Cancer Studies Are Fatally Flawed.Meet the Billionaire Who's Exposing It - thisisit
https://www.wired.com/2017/01/john-arnold-waging-war-on-bad-science/
======
Obi_Juan_Kenobi
I tend to find some of the headlines around the 'reproducibility crisis' quite
overblown, but ultimately I agree with Arnold's interpretation of the
situation. Some fields have strong foundations, often based in some
experimental methods that are good at providing robust results. Once set, the
mores of a field are mostly unchanging, for good or ill. This is a very
important, perhaps essential, part of the way that science operates in the
real world.

In some cases this is very good. Part of my difficulty in understanding this
issue is that my background is in molecular biology.
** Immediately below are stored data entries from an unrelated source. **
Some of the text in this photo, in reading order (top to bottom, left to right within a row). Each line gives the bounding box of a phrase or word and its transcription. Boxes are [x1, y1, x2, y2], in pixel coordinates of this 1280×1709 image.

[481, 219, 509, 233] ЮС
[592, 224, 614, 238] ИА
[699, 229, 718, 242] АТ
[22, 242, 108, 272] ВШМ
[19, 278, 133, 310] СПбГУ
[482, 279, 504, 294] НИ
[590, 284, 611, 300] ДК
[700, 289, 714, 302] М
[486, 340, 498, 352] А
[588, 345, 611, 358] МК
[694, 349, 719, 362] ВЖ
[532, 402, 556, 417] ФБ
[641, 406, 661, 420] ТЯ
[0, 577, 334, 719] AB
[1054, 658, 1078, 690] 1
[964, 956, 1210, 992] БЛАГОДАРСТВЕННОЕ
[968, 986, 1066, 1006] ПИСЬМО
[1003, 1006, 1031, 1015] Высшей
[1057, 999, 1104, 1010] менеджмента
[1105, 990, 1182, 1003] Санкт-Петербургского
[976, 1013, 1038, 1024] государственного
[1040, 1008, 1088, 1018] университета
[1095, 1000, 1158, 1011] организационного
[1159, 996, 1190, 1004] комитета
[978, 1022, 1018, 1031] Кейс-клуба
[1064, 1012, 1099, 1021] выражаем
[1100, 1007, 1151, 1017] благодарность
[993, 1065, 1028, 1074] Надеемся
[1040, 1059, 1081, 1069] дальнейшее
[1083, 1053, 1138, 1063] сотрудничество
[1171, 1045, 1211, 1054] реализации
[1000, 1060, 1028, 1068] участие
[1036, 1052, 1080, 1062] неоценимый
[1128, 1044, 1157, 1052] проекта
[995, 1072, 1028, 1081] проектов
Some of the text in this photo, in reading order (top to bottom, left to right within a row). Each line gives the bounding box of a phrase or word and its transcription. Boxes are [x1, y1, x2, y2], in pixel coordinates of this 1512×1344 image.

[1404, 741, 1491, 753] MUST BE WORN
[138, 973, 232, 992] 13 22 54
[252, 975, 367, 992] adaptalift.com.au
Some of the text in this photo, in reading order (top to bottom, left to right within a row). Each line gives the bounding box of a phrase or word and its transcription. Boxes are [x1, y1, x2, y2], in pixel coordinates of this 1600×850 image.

Moreover, I studied
models that had very little to do with cancer funding, and had a strong focus
on 'classic' methods (protein and RNA blots and 'hardcore' genetics). From
my/our view, even the new genomic methods (which are usually very good,
overall) are viewed with very deep skepticism. Your quality as an
investigator, in large part, depends on how skeptical of your own work you
are. A good presentation often leaves you feeling beat over the head with
consistent data from all manner of different methods. As a new investigator,
it really feels excessive, but it's the deep suspicion that drives the field.
It has real impact on who gets funded and what gets published.

Ben Goldacre's work was what first made me realize how different this was to
some fields. Not just the results that he uncovered, but the response he
received for very thorough and fair critique.

Reproducibility will always be difficult; even for 'true' results, you
wouldn't expect all reproduction attempts to work. You need people with a lot
wet-lab experience and suitable troubleshooting skill. Even the best, most
robust methods will present some difficulty, but that alone does not
constitute a failure to replicate. But Goldacre's epidemiological approach
avoids those sorts of pitfalls.

I suppose it is somewhat troubling that a single person/couple can have so
much influence over science, but I find their approach and results genuine.
They are funding, as best as I can tell, very deserving investigators.